>>>

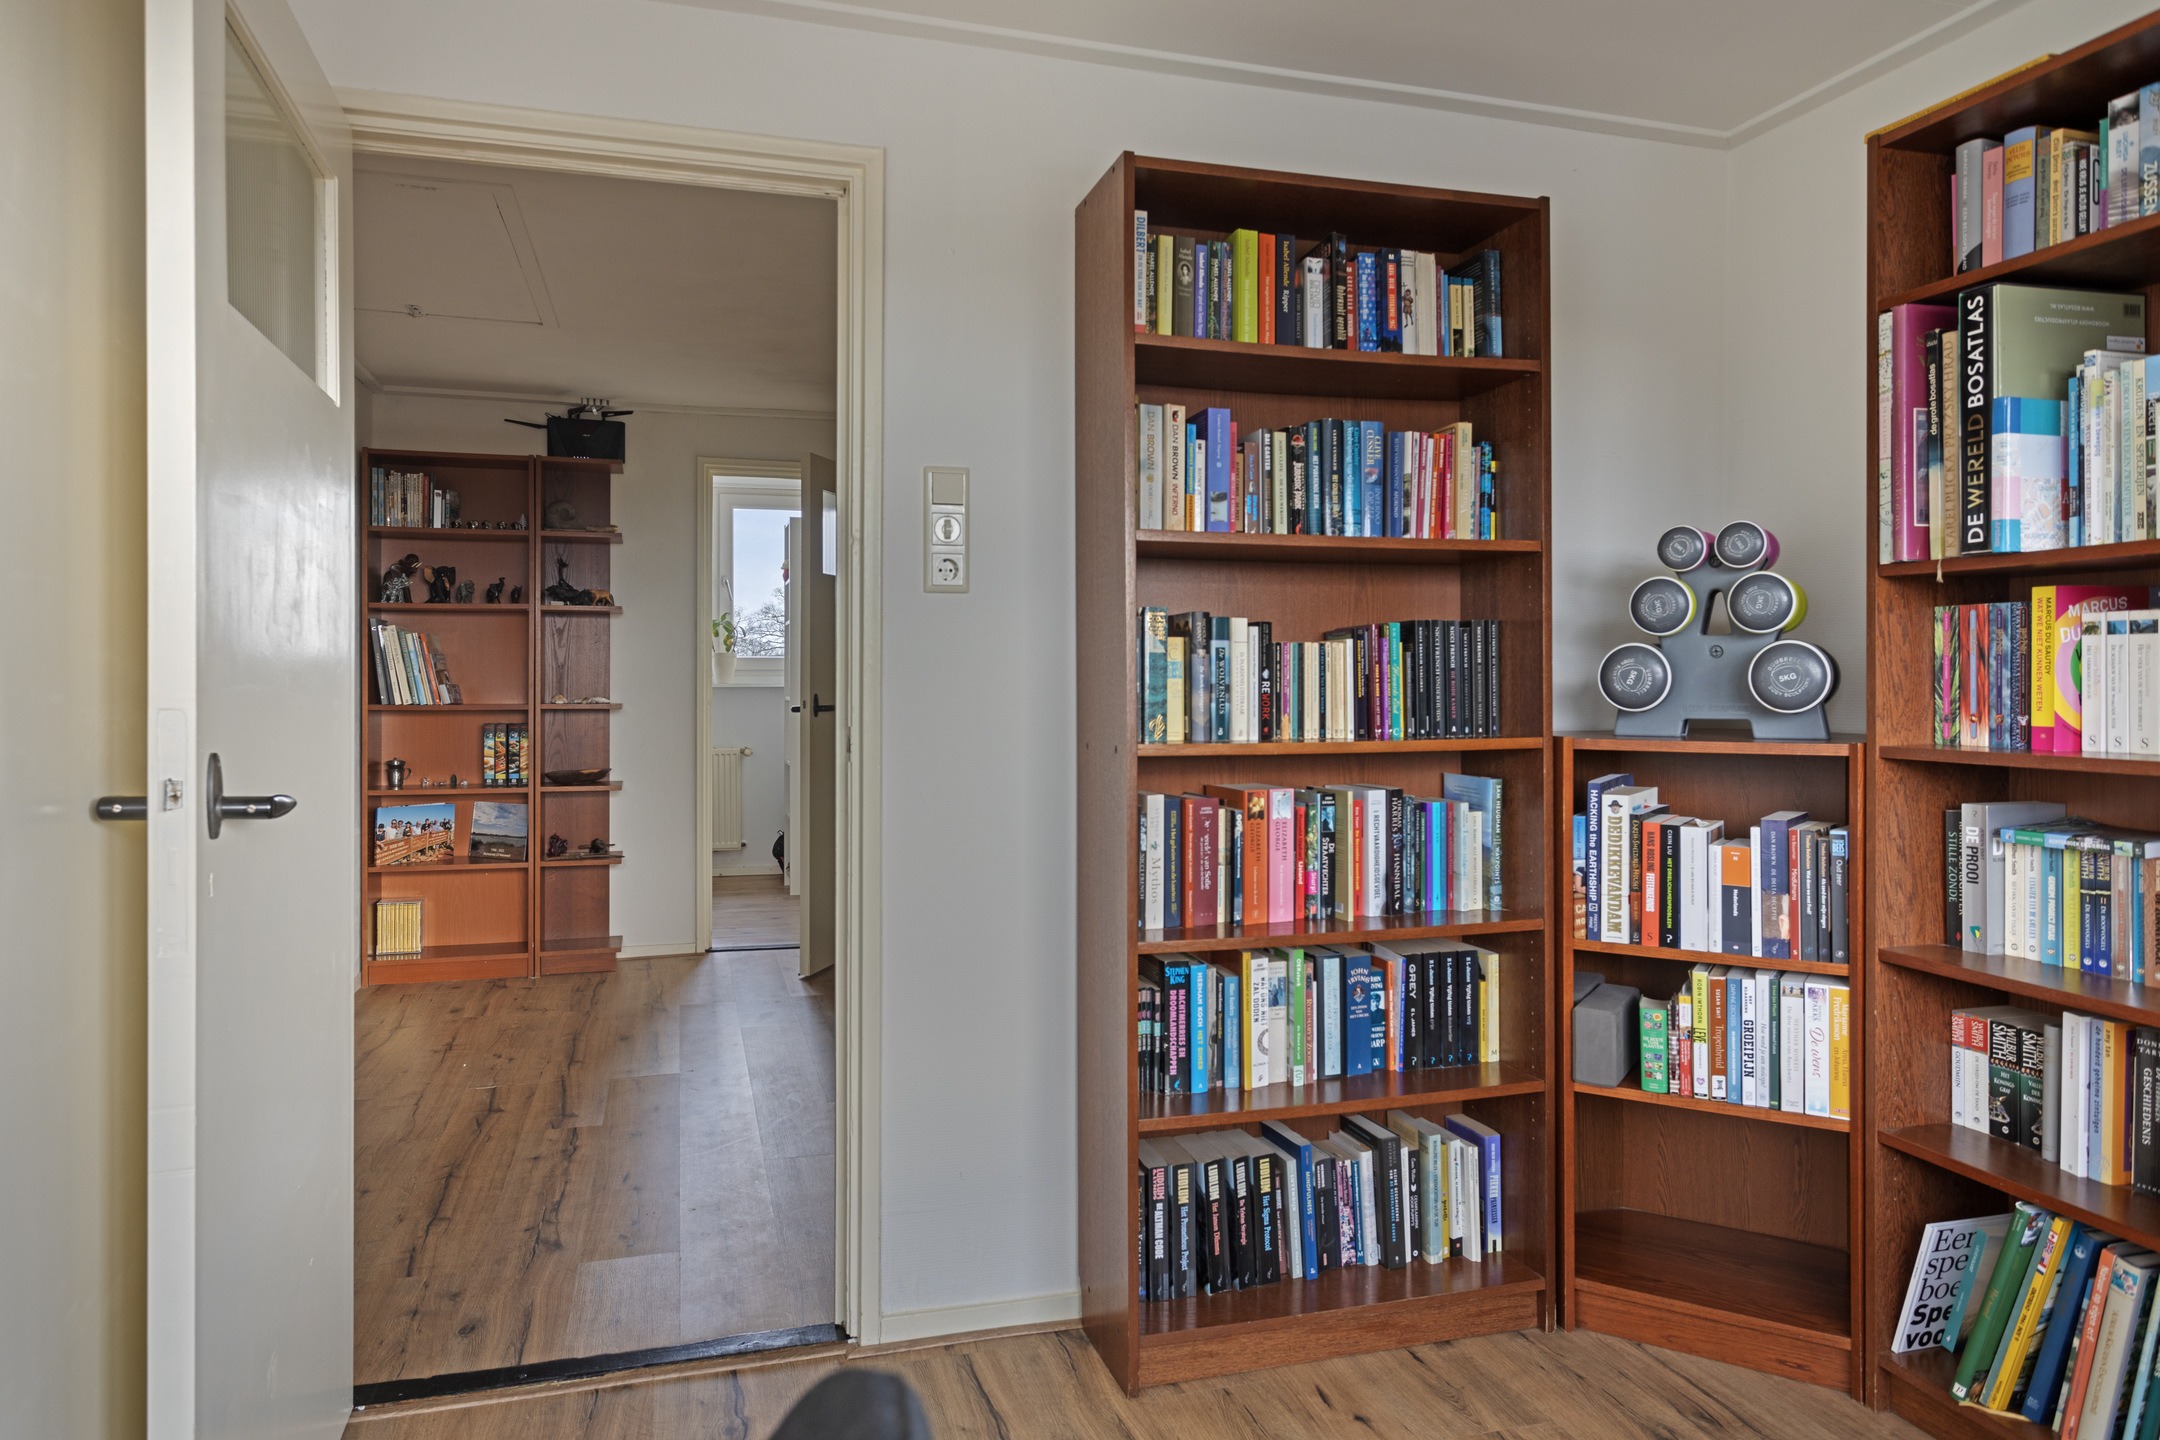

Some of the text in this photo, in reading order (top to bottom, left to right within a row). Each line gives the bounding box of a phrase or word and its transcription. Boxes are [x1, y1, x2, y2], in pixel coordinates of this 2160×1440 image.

[1136, 217, 1146, 254] DILBERT
[1928, 364, 1938, 435] de grote bosatlas
[1967, 294, 1985, 544] DE WERELD BOSATLAS
[2135, 377, 2145, 497] KRUIDEN EN SPECERIJEN
[1366, 430, 1374, 465] CUSSLER
[1943, 339, 1956, 549] KAREL PLICKA HRAD
[2122, 410, 2132, 517] VAN EEN EIGEN ZWEMVIJVER
[1653, 600, 1664, 614] 3KG
[2037, 615, 2043, 627] WE
[2068, 596, 2127, 618] MARCUS
[1219, 648, 1225, 658] De
[2046, 632, 2052, 643] DU
[2060, 626, 2082, 644] DU
[1626, 669, 1638, 685] 5KG
[1779, 672, 1797, 682] 5KG
[1262, 681, 1270, 720] REWORK
[1589, 790, 1598, 901] HACKING the EARTHSHIP
[1949, 831, 1957, 863] STILLE
[1966, 826, 1979, 884] DE PROOI
[1151, 857, 1161, 904] Mythos
[1607, 816, 1623, 933] DEDIKKEVANDAM
[1646, 832, 1655, 912] HANS ROSLING FEITENKENNIS
[1949, 866, 1957, 903] ZONDE
[1169, 989, 1177, 1075] DROOMLANDSCHAPPEN
[1178, 989, 1186, 1058] NACHTMERRIES EN
[1693, 1028, 1706, 1043] LEVE
[1833, 996, 1841, 1040] Fredriksson
[2096, 1026, 2101, 1035] de
[1713, 1025, 1724, 1069] Tropenbruid
[1744, 1020, 1754, 1078] GROEIPIJN
[1809, 1027, 1824, 1078] De wens
[1992, 1023, 2006, 1060] SMITH
[2006, 1028, 2016, 1062] WILBUR
[2022, 1032, 2036, 1068] SMITH
[2000, 1071, 2010, 1079] HET
[2142, 1068, 2152, 1145] GESCHIEDENIS
[1156, 1168, 1165, 1200] LUDLUM
[1177, 1168, 1189, 1204] LUDLUM
[1208, 1164, 1220, 1200] LUDLUM
[1236, 1162, 1246, 1198] LUDLUM
[1259, 1158, 1270, 1193] LUDLUM
[1154, 1202, 1164, 1259] DE ALTMAN CODE
[1264, 1226, 1272, 1251] Protocol
[1180, 1251, 1189, 1270] Project
[1925, 1254, 1969, 1280] spe
[2086, 1293, 2103, 1343] op eigen erf

<<<

Copy all lines from the entries that contain the word "LUDLUM".

*Worked solution*
[1156, 1168, 1165, 1200] LUDLUM
[1177, 1168, 1189, 1204] LUDLUM
[1208, 1164, 1220, 1200] LUDLUM
[1236, 1162, 1246, 1198] LUDLUM
[1259, 1158, 1270, 1193] LUDLUM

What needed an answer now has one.